What the task requires >>
Could you repeat word for word only the lines from the one containing "Some of the text" to the last line of the data below?

======== Data provided ========

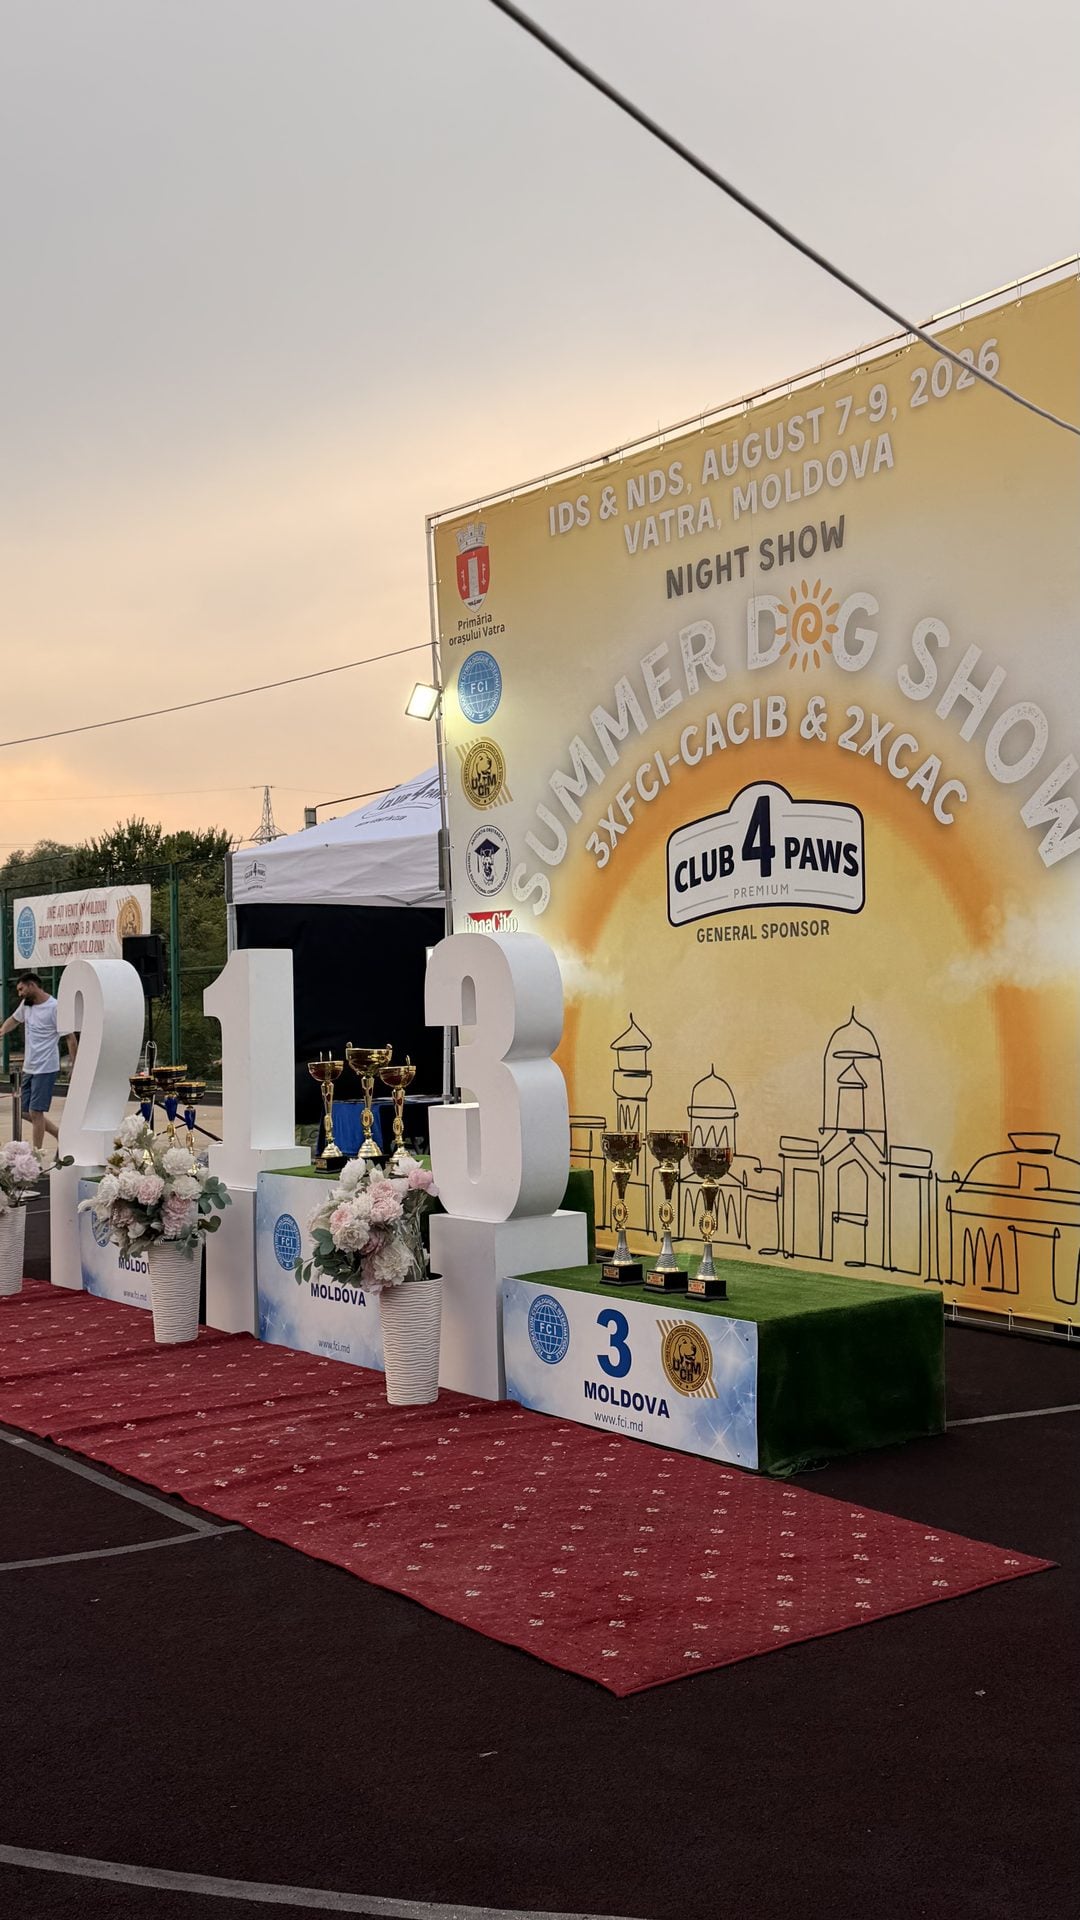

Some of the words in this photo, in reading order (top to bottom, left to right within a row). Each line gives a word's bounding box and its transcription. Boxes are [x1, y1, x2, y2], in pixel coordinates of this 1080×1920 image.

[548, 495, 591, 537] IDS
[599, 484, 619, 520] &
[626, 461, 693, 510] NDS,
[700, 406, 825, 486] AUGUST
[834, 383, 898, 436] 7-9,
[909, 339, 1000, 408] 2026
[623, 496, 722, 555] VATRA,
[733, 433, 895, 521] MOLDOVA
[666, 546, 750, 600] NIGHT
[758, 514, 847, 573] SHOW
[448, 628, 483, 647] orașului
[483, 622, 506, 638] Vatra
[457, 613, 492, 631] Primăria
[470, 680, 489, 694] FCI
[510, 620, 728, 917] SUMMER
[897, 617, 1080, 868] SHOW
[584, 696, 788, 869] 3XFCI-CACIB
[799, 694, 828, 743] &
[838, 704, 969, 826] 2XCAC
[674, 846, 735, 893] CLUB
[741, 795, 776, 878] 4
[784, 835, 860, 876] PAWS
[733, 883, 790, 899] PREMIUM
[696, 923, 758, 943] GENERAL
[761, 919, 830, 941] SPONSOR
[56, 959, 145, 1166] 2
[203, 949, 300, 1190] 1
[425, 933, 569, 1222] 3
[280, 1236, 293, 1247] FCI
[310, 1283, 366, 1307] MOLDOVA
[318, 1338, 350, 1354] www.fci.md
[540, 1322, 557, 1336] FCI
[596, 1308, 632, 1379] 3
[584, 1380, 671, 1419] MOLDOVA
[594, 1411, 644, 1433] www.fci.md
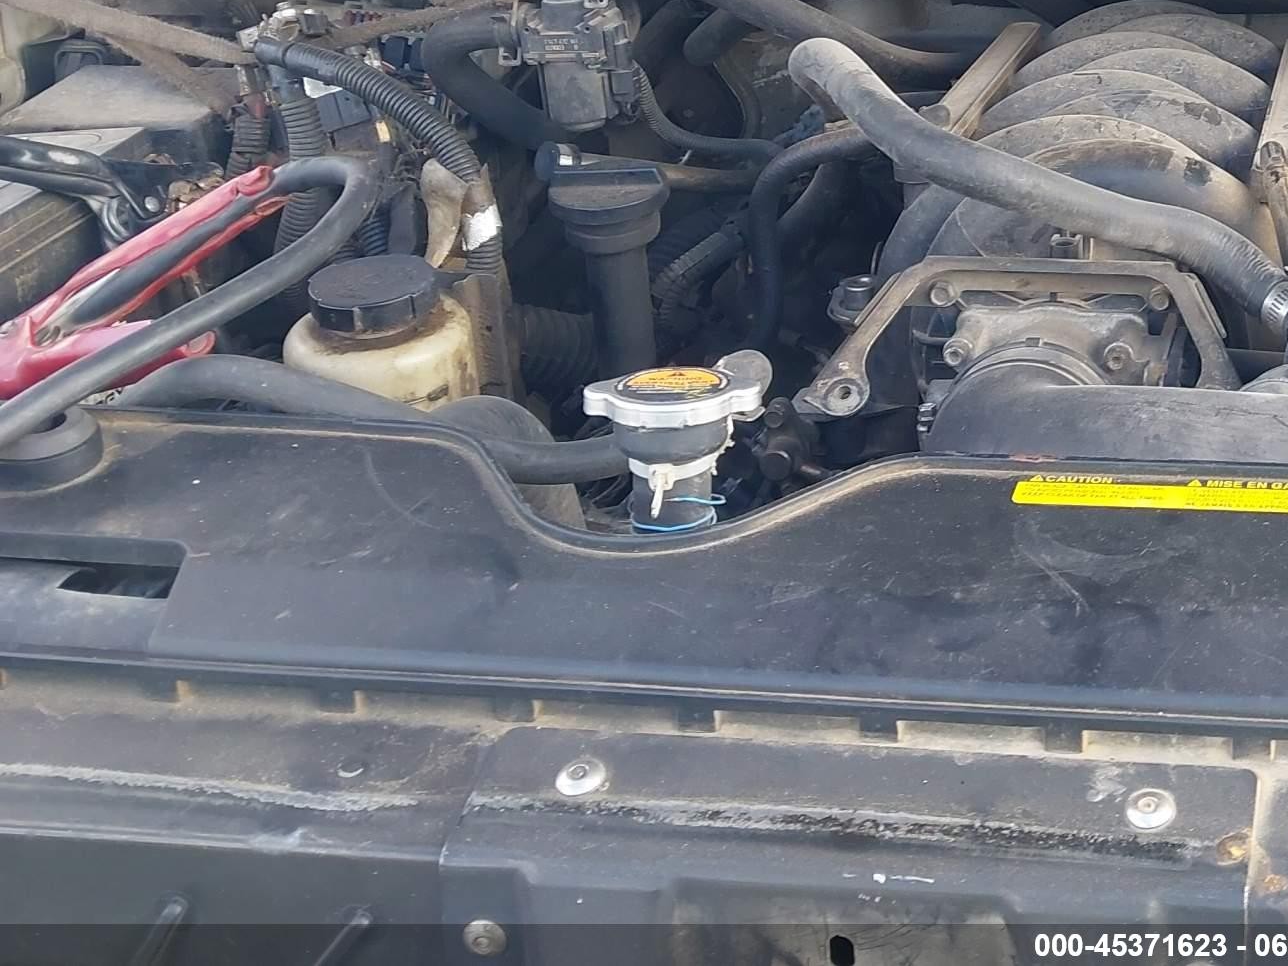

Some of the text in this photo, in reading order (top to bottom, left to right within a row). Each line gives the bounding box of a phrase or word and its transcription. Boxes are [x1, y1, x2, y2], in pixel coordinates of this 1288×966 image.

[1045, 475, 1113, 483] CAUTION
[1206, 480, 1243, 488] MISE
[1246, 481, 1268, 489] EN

========

Response area >>
Some of the text in this photo, in reading order (top to bottom, left to right within a row). Each line gives the bounding box of a phrase or word and its transcription. Boxes are [x1, y1, x2, y2], in pixel coordinates of this 1288×966 image.

[1045, 475, 1113, 483] CAUTION
[1206, 480, 1243, 488] MISE
[1246, 481, 1268, 489] EN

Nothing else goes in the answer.